Flow-FL: Data-Driven Federated Learning for Spatio-Temporal Predictions in Multi-Robot Systems
Nathalie Majcherczyk, Nishan Srishankar, Carlo Pinciroli

TL;DR
This paper introduces Flow-FL, a novel serverless federated learning approach using gossip-based data sharing for multi-robot spatio-temporal prediction, demonstrating its effectiveness through multi-agent trajectory forecasting experiments.
Contribution
The paper presents Flow-FL, a serverless federated learning variant with a gossip-based aggregation, enabling decentralized learning in multi-robot systems.
Findings
Flow-FL performs comparably to centralized models in trajectory forecasting.
Decentralized data flow impacts learning efficiency and accuracy.

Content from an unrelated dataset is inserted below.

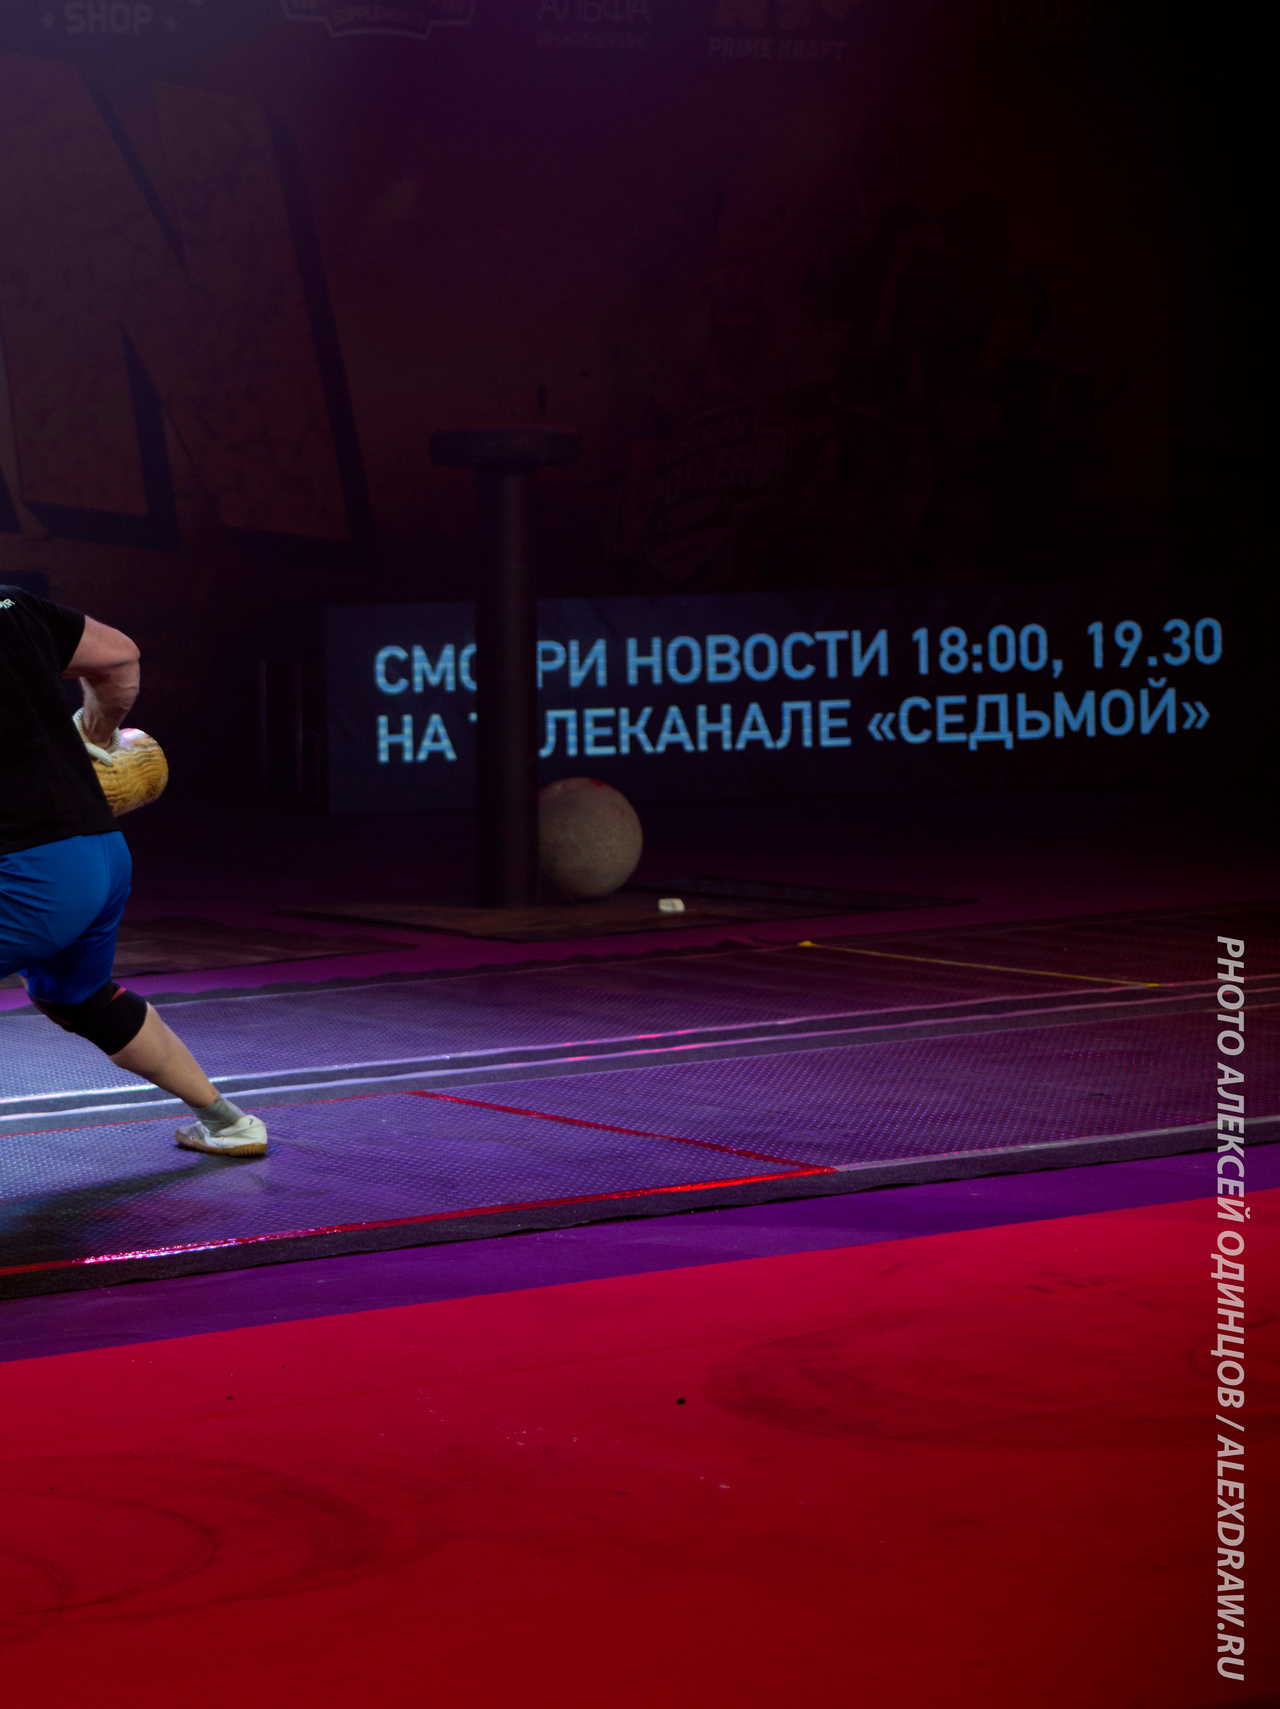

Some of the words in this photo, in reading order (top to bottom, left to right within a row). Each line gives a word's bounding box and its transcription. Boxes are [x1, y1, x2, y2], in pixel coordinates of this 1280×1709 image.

The approach is robust to communication delays and varying data contributions.
Abstract
In this paper, we show how the Federated Learning (FL) framework enables learning collectively from distributed data in connected robot teams. This framework typically works with clients collecting data locally, updating neural network weights of their model, and sending updates to a server for aggregation into a global model. We explore the design space of FL by comparing two variants of this concept. The first variant follows the traditional FL approach in which a server aggregates the local models. In the second variant, that we call Flow-FL, the aggregation process is serverless thanks to the use of a gossip-based shared data structure. In both variants, we use a data-driven mechanism to synchronize the learning process in which robots contribute model updates when they collect sufficient data. We validate our approach with an agent trajectory forecasting problem in a multi-agent…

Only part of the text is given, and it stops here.